Injection drug users (IDUs) with HIV can benefit as much from antiretroviral therapy as non-users, according to a study presented Sunday, August 3, in advance of the XVII International AIDS Conference in Mexico City, and published in the August 6 Journal of the American Medical Association.

Julio Montaner from the University of British Columbia and colleagues noted as background that HAART has often been withheld from HIV positive IDUs due to assumptions that their unstable lifestyles may lead to inferior outcomes, for example because of poor adherence. Some prior reports have shown that IDUs are less likely to be prescribed HAART and that a history of injection drug use is a predictor of worse treatment outcomes. However, long-term evaluations of HIV treatment outcomes among IDUs compared with other transmission risk groups are lacking.

The present study compared survival rates among HIV positive individuals initiating HAART with and without a history of injection drug use. The investigators analyzed 3116 participants in a population-based, prospective cohort study in British Columbia known as HOMER (HAART Observational Medical Evaluation and Research). About 80% of cohort participants were men and the median age was about 39 years. Nearly one-third (29.4%; n = 915) were classified as IDUs, though the researchers did not assess the impact of past versus ongoing drug use.

Participants started HAART between August 1996 and June 2006, and were followed through the end of June 2007. The median duration of follow-up was 5.3 years for IDUs and 4.3 years for non-IDUs.


  • Overall, 622 cohort participants (232 of 915 IDUs and 390 of 2201 non-IDUs) died during the follow-up period.
  • This represented a crude mortality rate of 20.0%.
  • 7 years after HAART initiation, cumulative all-cause mortality rates were similar for IDUs and non-IDUs (26.5% vs 21.6%, respectively; P = 0.47).
  • In a multivariate Cox regression analysis adjusting for demographic and disease-related factors, mortality rates were similar for IDUs and non-IDUs (hazard ratio 1.09).

Based on these findings, the study authors concluded, "In this study population, injection drug use was not associated with decreased survival among HIV-infected patients initiating HAART."

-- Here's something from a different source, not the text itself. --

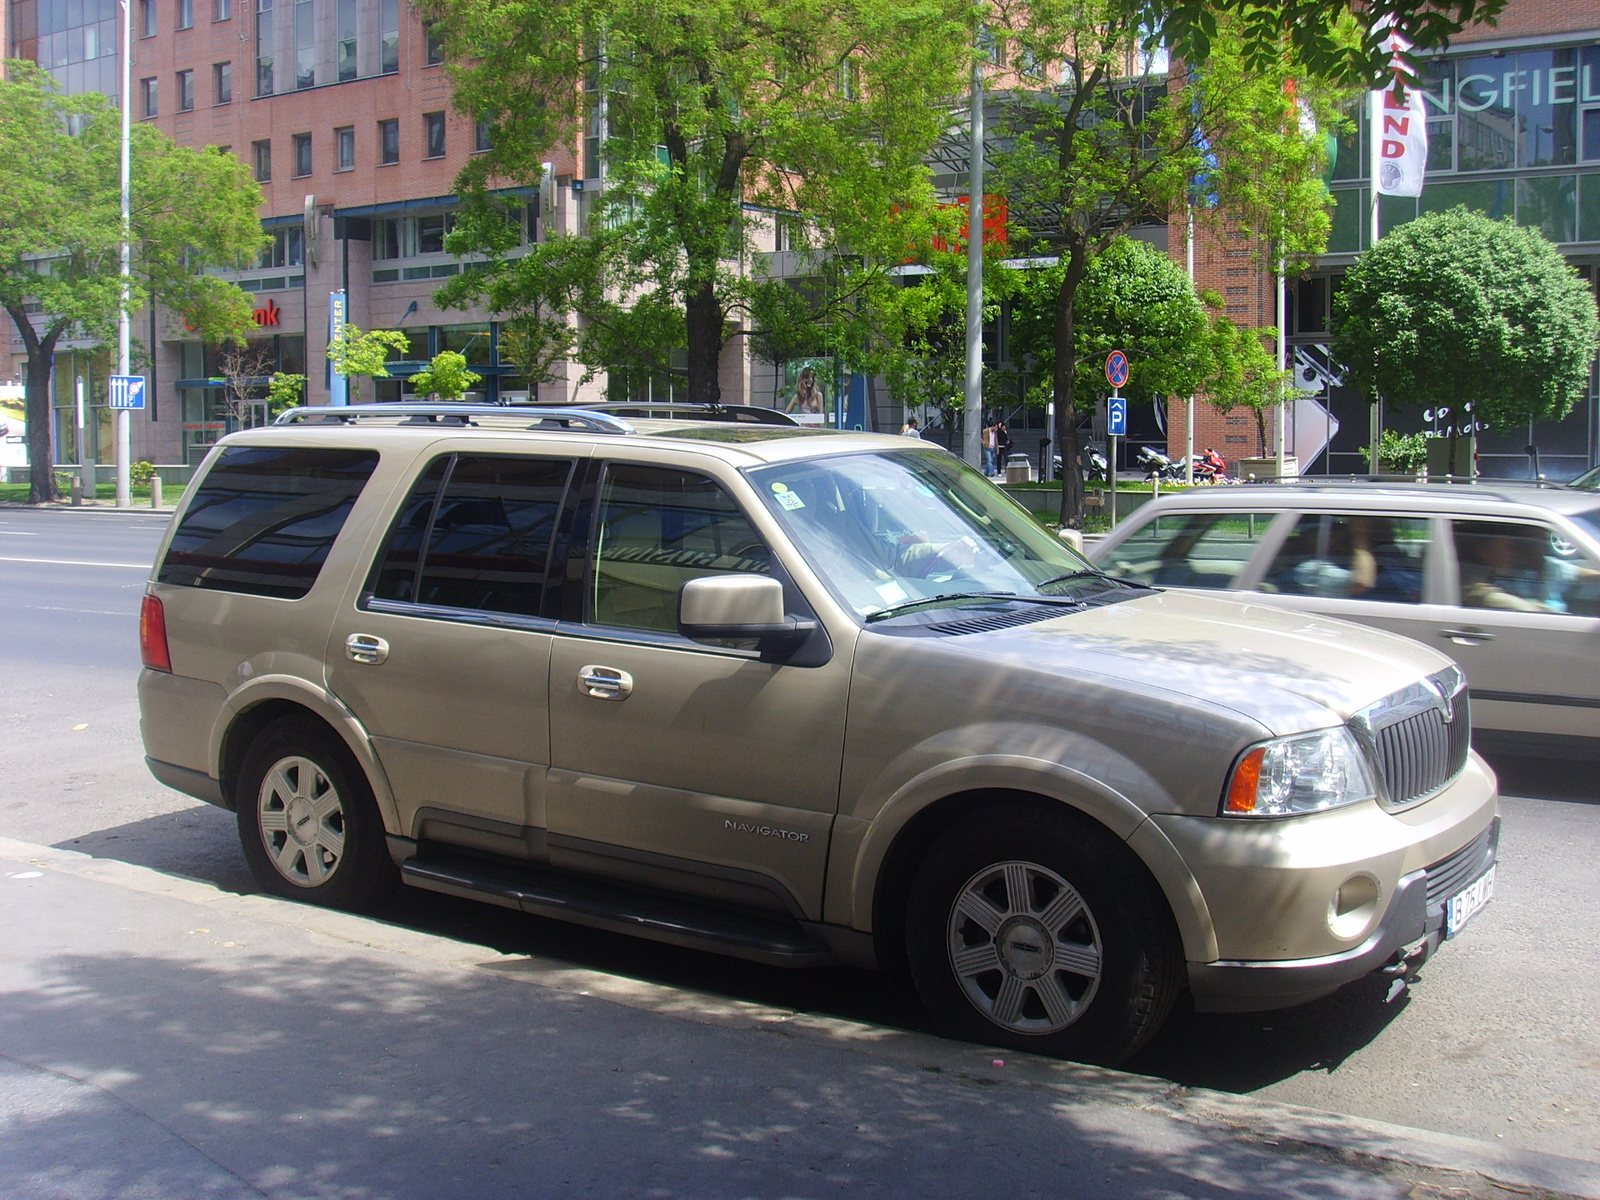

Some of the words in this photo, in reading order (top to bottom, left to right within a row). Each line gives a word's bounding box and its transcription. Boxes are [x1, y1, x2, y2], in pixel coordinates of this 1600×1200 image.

[1111, 411, 1122, 430] P
[724, 820, 809, 843] NAVIGATOR
[1455, 897, 1463, 925] B

"[T]he fact that survival patterns were not significantly different between IDUs and non-IDUs should help to challenge the increasingly prevalent belief that IDUs may be markedly less likely to benefit from HAART," they wrote.

They added that "[a]lthough subtle differences in survival" began to emerge by 84 months, 5-year survival was "virtually identical" in an analysis that excluded accidental causes of death.

They also noted that while this study only included participants on HAART, IDUs as a group are less likely to be on antiretroviral treatment, so in a comparison of all HIV positive IDUs -- treated and untreated together -- "it is likely that mortality rates would be higher among IDUs."



E Wood, RS Hogg, V Dias Lima and others. Highly active antiretroviral therapy and survival in HIV-infected injection drug users. Journal of the American Medical Association 300(5): 550-554. August 6, 2008.

Journal of the American Medical Association. Highly active antiretroviral therapy of similar benefit for HIV-infected injection drug users. Media release. July 30, 2008.